**WHAT THE EXERCISE ASKS:** Omit the pictures from the entries below and retype everything else exactly.

--- SUPPLIED DATA ---

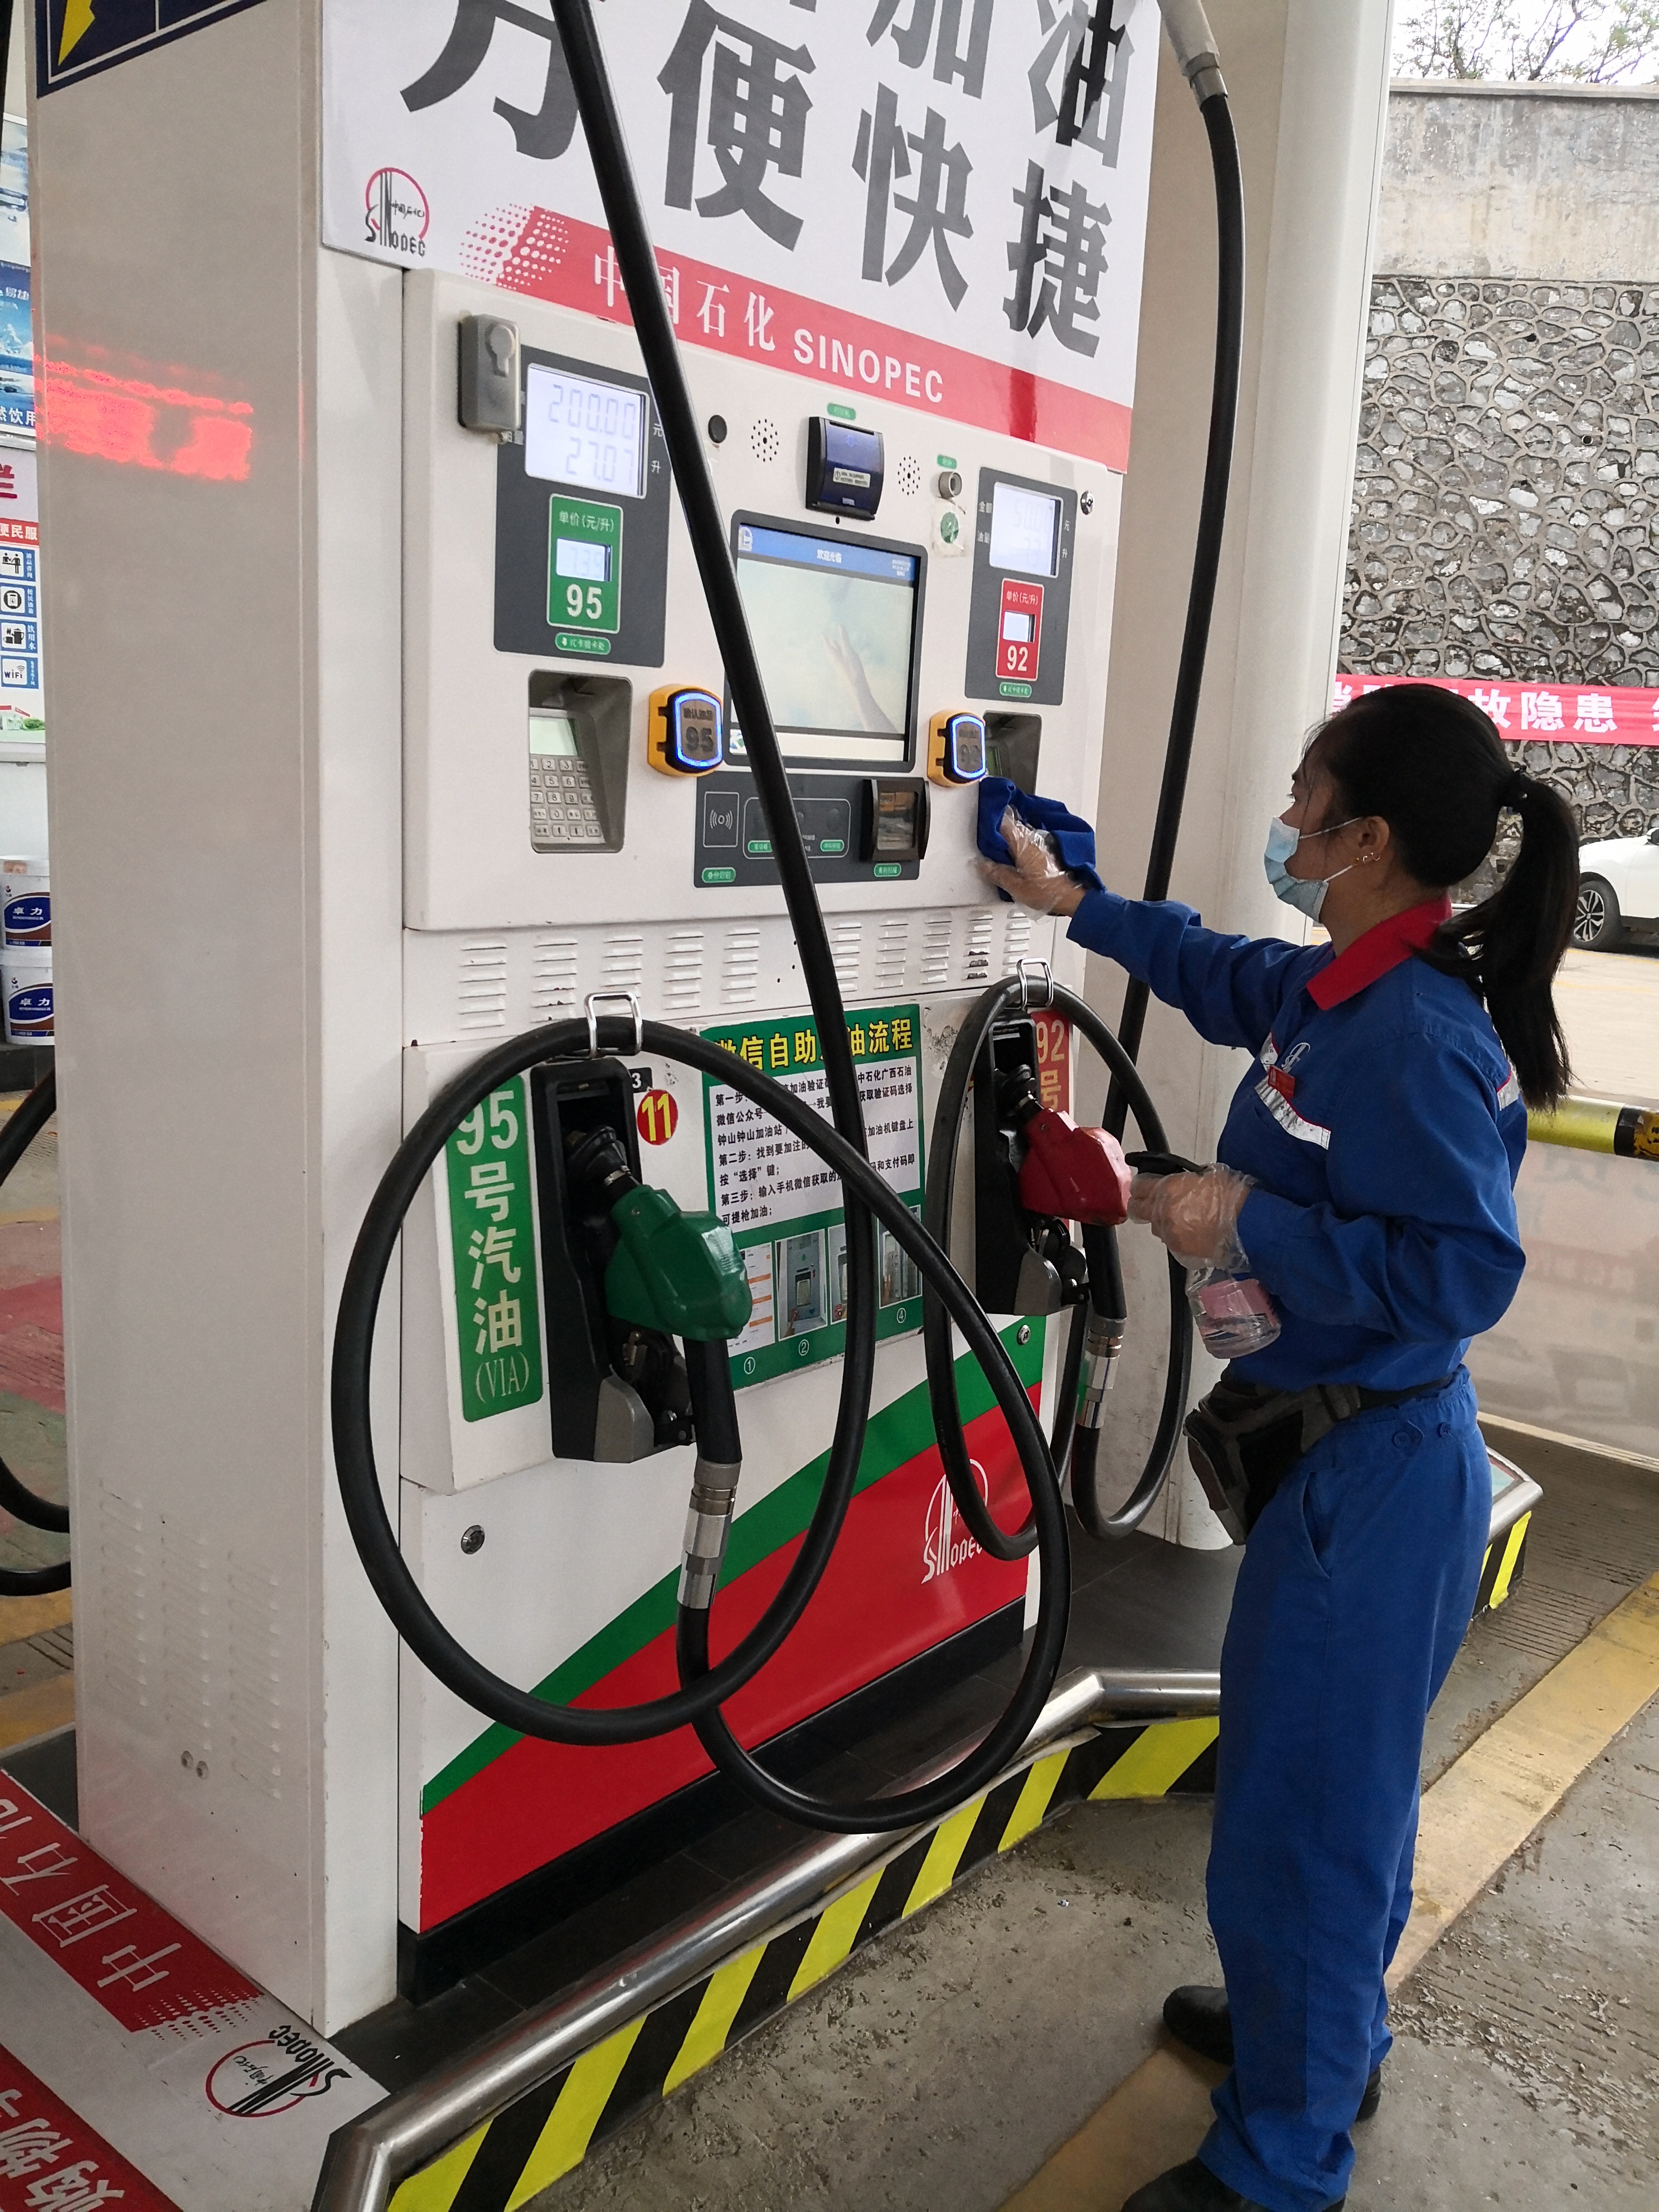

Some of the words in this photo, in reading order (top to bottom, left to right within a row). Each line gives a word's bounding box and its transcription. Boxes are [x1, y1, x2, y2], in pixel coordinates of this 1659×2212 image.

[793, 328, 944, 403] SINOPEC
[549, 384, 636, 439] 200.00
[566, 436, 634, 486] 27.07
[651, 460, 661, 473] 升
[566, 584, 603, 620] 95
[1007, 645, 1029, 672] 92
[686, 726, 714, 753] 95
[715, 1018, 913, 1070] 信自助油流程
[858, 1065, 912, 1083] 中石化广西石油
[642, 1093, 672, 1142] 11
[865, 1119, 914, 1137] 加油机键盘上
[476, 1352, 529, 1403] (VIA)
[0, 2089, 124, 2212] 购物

---

**TASK SOLUTION:**
Some of the words in this photo, in reading order (top to bottom, left to right within a row). Each line gives a word's bounding box and its transcription. Boxes are [x1, y1, x2, y2], in pixel coordinates of this 1659×2212 image.

[793, 328, 944, 403] SINOPEC
[549, 384, 636, 439] 200.00
[566, 436, 634, 486] 27.07
[651, 460, 661, 473] 升
[566, 584, 603, 620] 95
[1007, 645, 1029, 672] 92
[686, 726, 714, 753] 95
[715, 1018, 913, 1070] 信自助油流程
[858, 1065, 912, 1083] 中石化广西石油
[642, 1093, 672, 1142] 11
[865, 1119, 914, 1137] 加油机键盘上
[476, 1352, 529, 1403] (VIA)
[0, 2089, 124, 2212] 购物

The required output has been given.